HugPuddle / Apertus

Apertus - Store data, browse and communicate on your favorite Blockchains.
http://Apertus.io
MIT License
34 stars 11 forks source link

compress duplicate transaction id's in Ledger file #23

Open embiimob opened 8 years ago

embiimob commented 8 years ago

after ledger file is created process the file to replace duplicate transaction id's with a transaction id and count of duplicate rows separated by a delimiter.

Example: 46a022b8d2b5a74946a56dfb4d35c6da8df391eace2288f30b136b9229583c97 46a022b8d2b5a74946a56dfb4d35c6da8df391eace2288f30b136b9229583c97 46a022b8d2b5a74946a56dfb4d35c6da8df391eace2288f30b136b9229583c97 46a022b8d2b5a74946a56dfb4d35c6da8df391eace2288f30b136b9229583c97

would be replace with: 46a022b8d2b5a74946a56dfb4d35c6da8df391eace2288f30b136b9229583c97:4

Update file building process to interpret the :4 to mean repeat the data 4 times in a row.

baffo32 commented 8 years ago

More ideas: gzipping the whole file, storing transaction ids in binary rather than hex

embiimob commented 8 years ago

I agree..in addition to the simple ledger compression algorithm above. I have considered Gzipping both the ledger and main data files by default. It really wouldn't be much work and will help prevent bloat.

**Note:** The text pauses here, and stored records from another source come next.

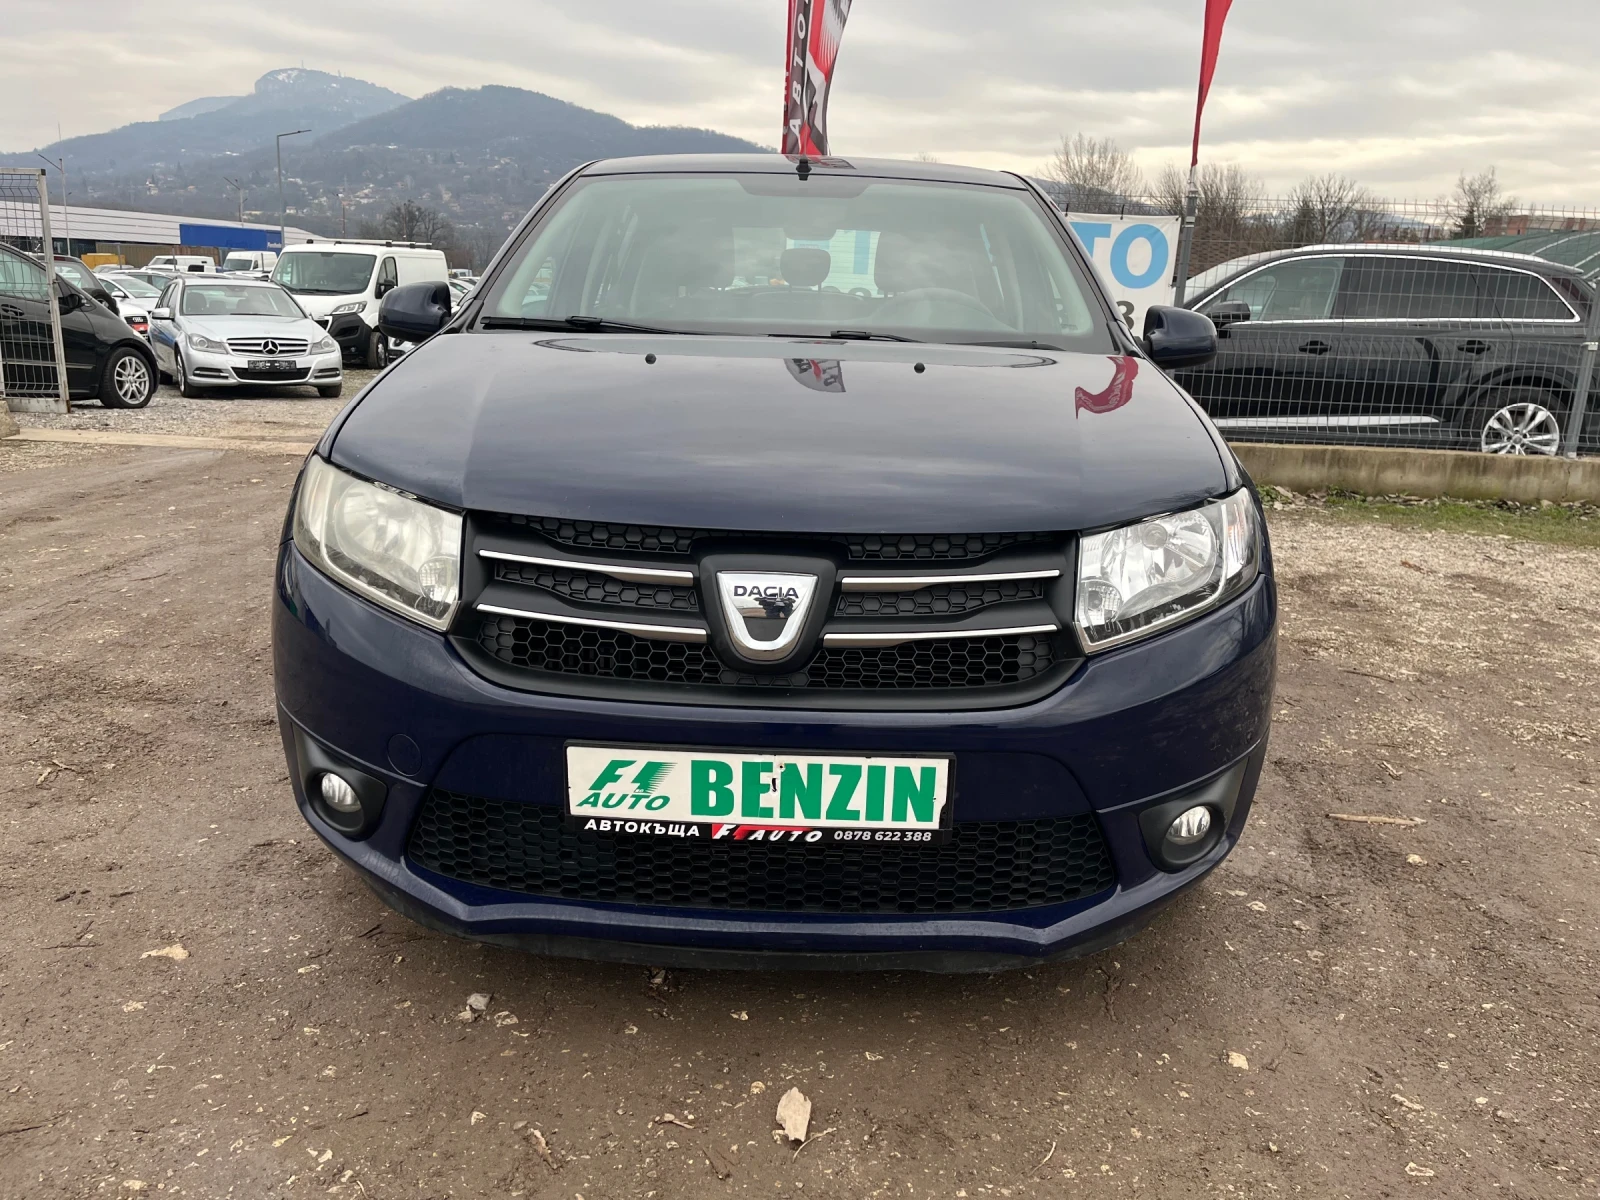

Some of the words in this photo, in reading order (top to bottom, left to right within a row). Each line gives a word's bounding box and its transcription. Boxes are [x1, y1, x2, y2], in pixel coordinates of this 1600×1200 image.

[789, 0, 808, 137] АВТО
[733, 585, 799, 598] DACIA
[575, 792, 671, 811] AUTO
[690, 759, 937, 822] BENZIN
[584, 819, 701, 838] АВТОКЪЩА
[747, 829, 823, 843] AUTO
[833, 830, 872, 841] 0878
[874, 831, 901, 842] 622
[903, 831, 932, 842] 388
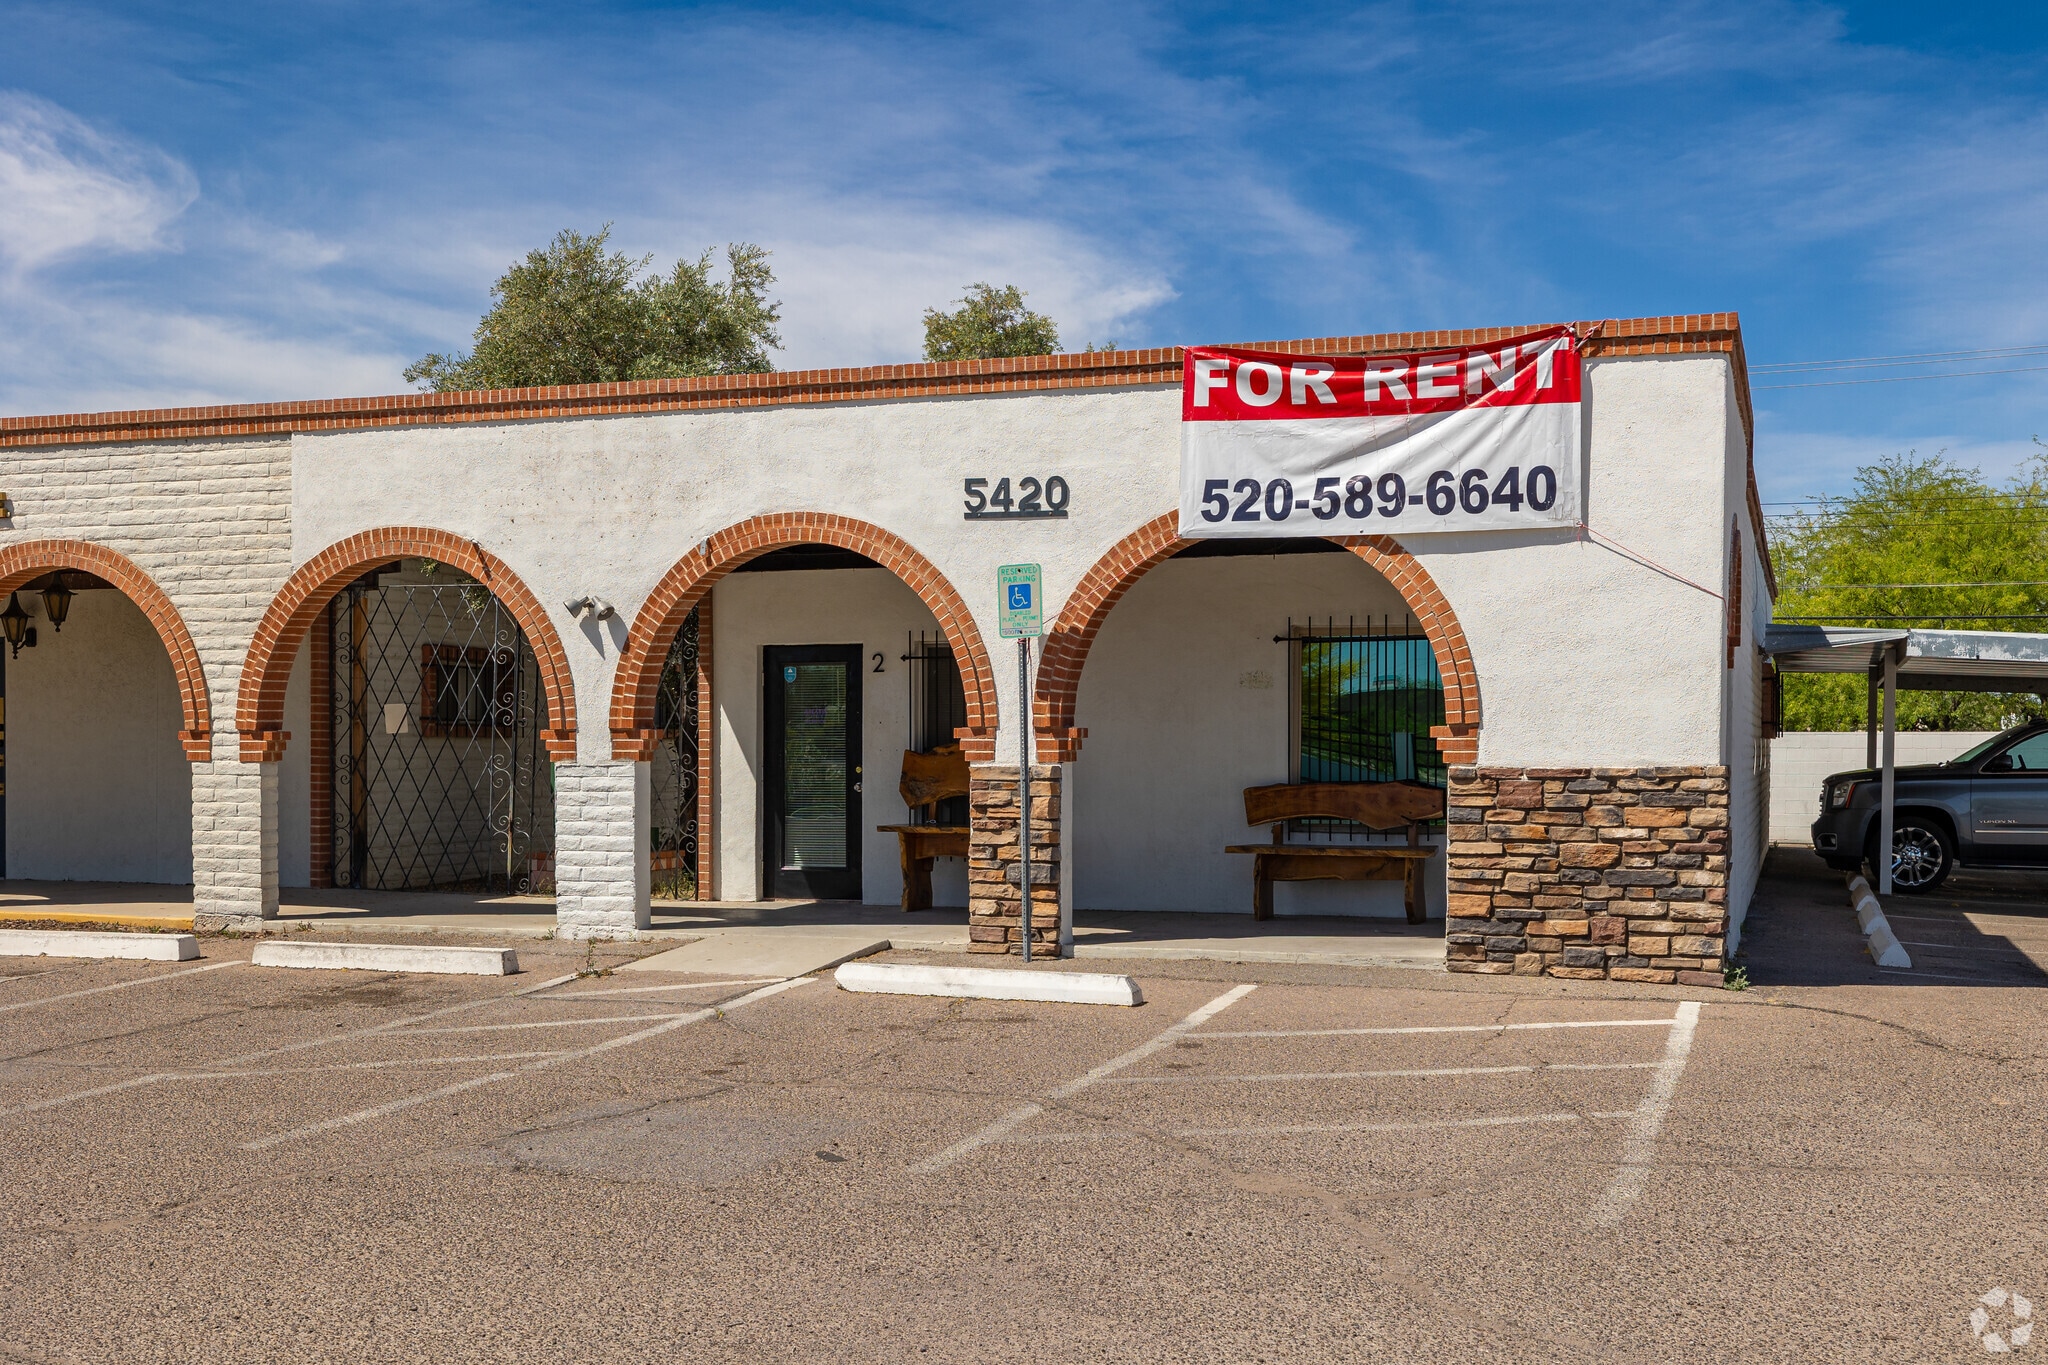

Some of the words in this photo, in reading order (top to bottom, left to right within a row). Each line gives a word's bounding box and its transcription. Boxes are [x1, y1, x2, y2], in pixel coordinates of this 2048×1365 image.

embiimob commented 8 years ago

Do you think keeping the ledger files human readable outweighs the compression benefits?

xloem commented 8 years ago

(edit: oops, I am baffo32 as well as xloem)

Unless you need it for debugging, I would ignore human readability for ledger files. But I would make their design very simple, so that others can make tools that work with them.

I don't think ASCII (which they are currently in) is the way to go when space is at such a premium. It would be smaller if binary data were written directly. A sample format might be [4 bytes magic token][16 byte block of data] [20 byte blocks of data ...]. Depending on the magic token, the data may be gzip compressed.

Another idea: include the first 20 bytes of the txid (or a hash of the data !) as one of the outputs. Then this hash can be looked up rather than the transaction ID, and ledger file entries get 12 bytes smaller each. If a hash of the data is used, then ADD can be used as a content-addressable store, for which there are a lot of applications already.

If you do rewrite the format, it would be great if you could produce some notes on what the new format is. Every couple months I look into making some kind of apertus library for non-C#. I'm still learning the formats myself.

xloem commented 8 years ago

Additionally, ledger files are currently stored in a hierarchy, such that the first ledger file is small, and references subsequently larger and larger ledger files to deal with the high space limitations. This is a lot of metadata. Files would store in fewer transactions if the ledger files were stored as a linked list. The first ledger file lists the size of the file, optionally a table of contents, and the first few bytes of data. The last entry in the first ledger file is a reference to the second ledger file. The second ledger file stores just data, and the last entry is a reference to the third ledger file. Etc. This would require fewer total transactions.

embiimob commented 8 years ago

It's awesome to have another brain thinking about such things. We are hoping to eliminate the ledger file all together as a token (address) chain could be used to record all transactions instead of the ledger file tree. (this is how we are currently handling Keywords and Profile file changes) We are really just waiting for crypto community to catch up to what we are doing.. Implementing this now would require a full re-scan of the blockchain for each file fetch. which would be painfully slow. When Crytpo currencies decide to add an optional address index then address transactions could be queried much faster without any ledger files !! Once implemented the url to an etching or collection of etchings would simply be a wallet address! :D

embiimob commented 8 years ago

I added some images to the wiki that gives the current file and message formatting. Notice the 0000 padding this is in place to ensure that the data portions of files and messages always begin at byte 1 of the address. So if the file data is the same it will generate the same addresses when etched independent of the file name. this helps to locate duplicate copies of the same data. Also the delimiters are currently randomly picked from the subset listed... this was put in place originally to make it more difficult to filter out Apertus.io data from standard bitcoin data. They are all human readable characters usually not permitted in most file naming strategies.